What is expected: Only the images are to be dropped; the records themselves must be repeated exactly.

(Records from a data source)
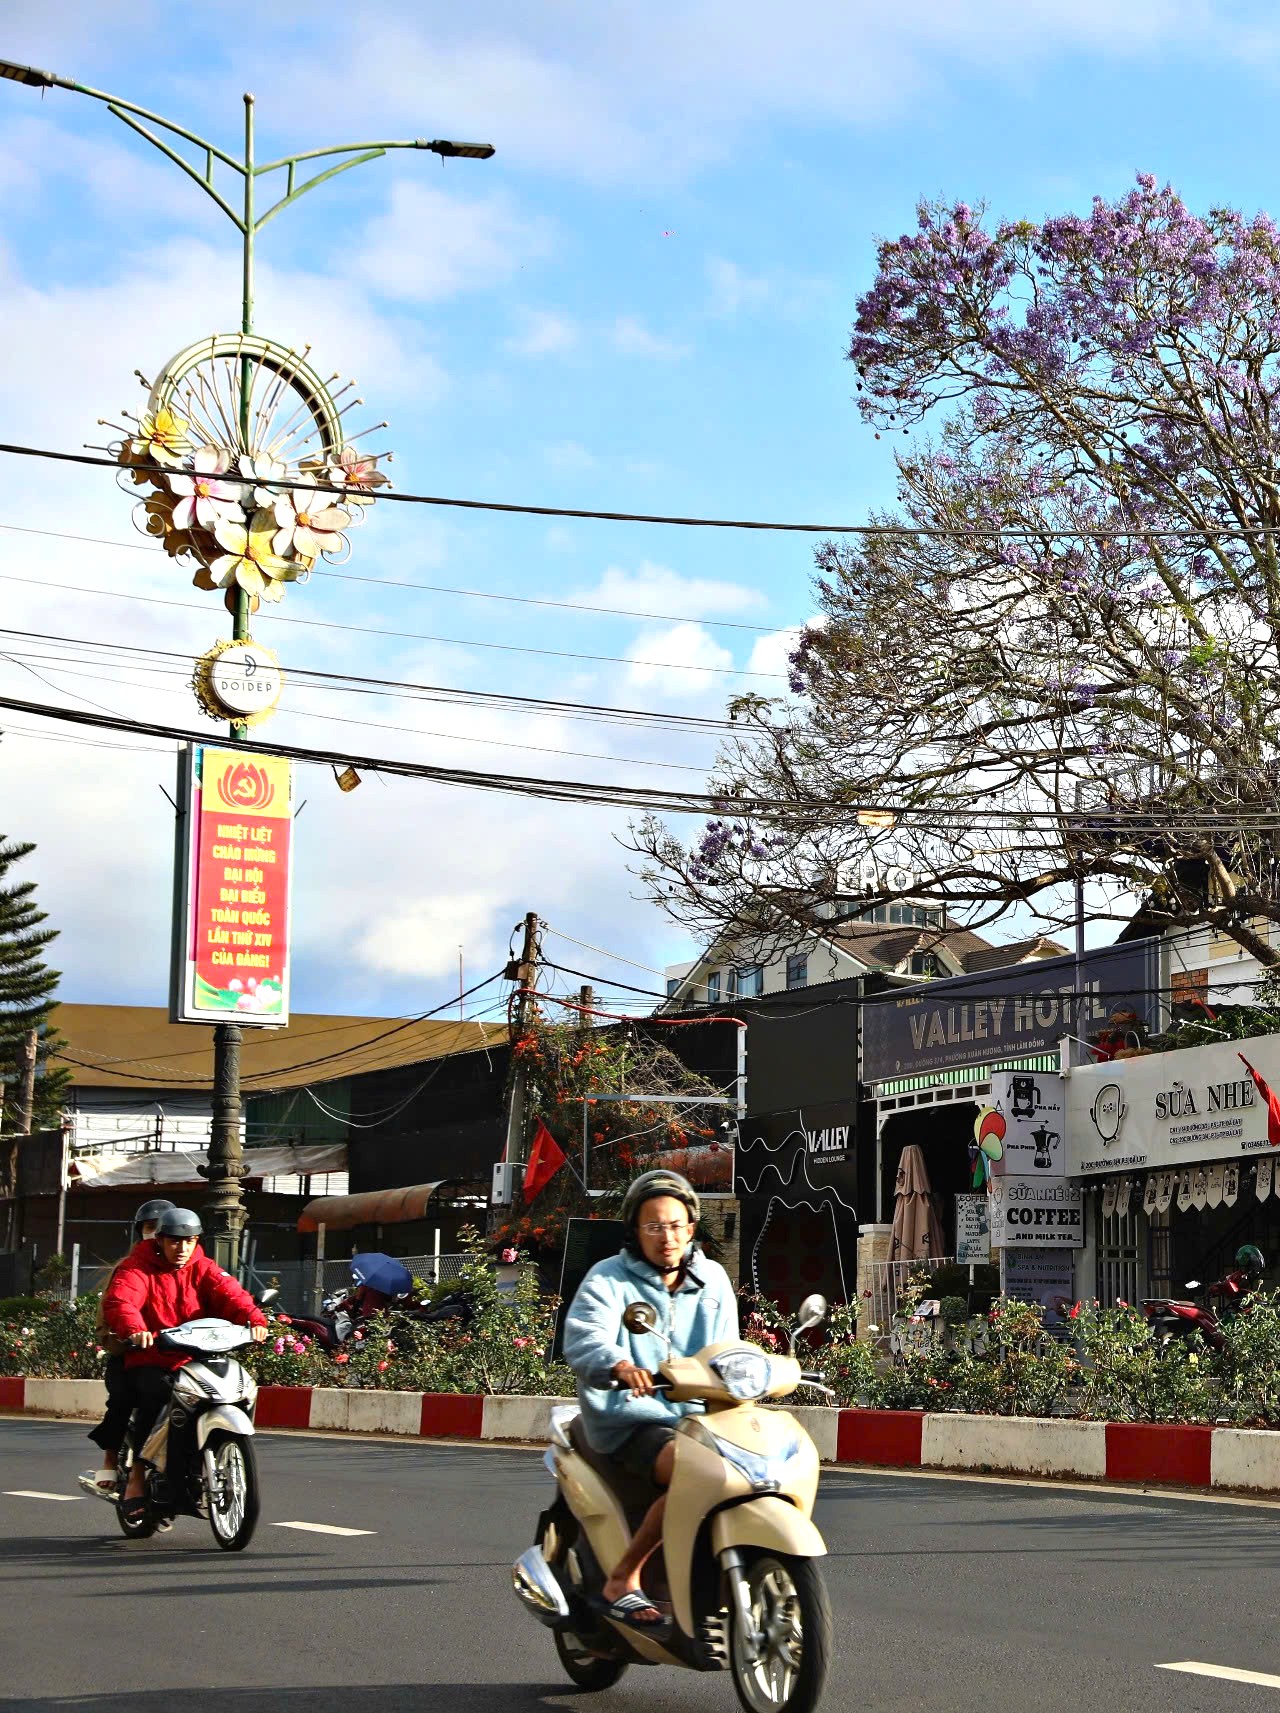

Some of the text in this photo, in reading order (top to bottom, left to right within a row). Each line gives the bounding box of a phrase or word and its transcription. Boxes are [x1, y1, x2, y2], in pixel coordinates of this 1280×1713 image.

[221, 681, 272, 692] DOIDEP
[217, 824, 272, 844] NHIỆT LIỆT
[212, 844, 242, 860] CHÀO
[211, 907, 270, 926] TOÀN QUỐC
[254, 933, 272, 947] XIV
[211, 947, 234, 966] CỦA
[909, 997, 1006, 1050] VALLEY
[807, 1126, 849, 1152] VALLEY
[1008, 1183, 1036, 1201] SỮA
[1007, 1207, 1081, 1226] COFFEE
[1035, 1233, 1056, 1241] MILK
[1037, 1264, 1070, 1272] NUTRITION

Exercise output:
Some of the text in this photo, in reading order (top to bottom, left to right within a row). Each line gives the bounding box of a phrase or word and its transcription. Boxes are [x1, y1, x2, y2], in pixel coordinates of this 1280×1713 image.

[221, 681, 272, 692] DOIDEP
[217, 824, 272, 844] NHIỆT LIỆT
[212, 844, 242, 860] CHÀO
[211, 907, 270, 926] TOÀN QUỐC
[254, 933, 272, 947] XIV
[211, 947, 234, 966] CỦA
[909, 997, 1006, 1050] VALLEY
[807, 1126, 849, 1152] VALLEY
[1008, 1183, 1036, 1201] SỮA
[1007, 1207, 1081, 1226] COFFEE
[1035, 1233, 1056, 1241] MILK
[1037, 1264, 1070, 1272] NUTRITION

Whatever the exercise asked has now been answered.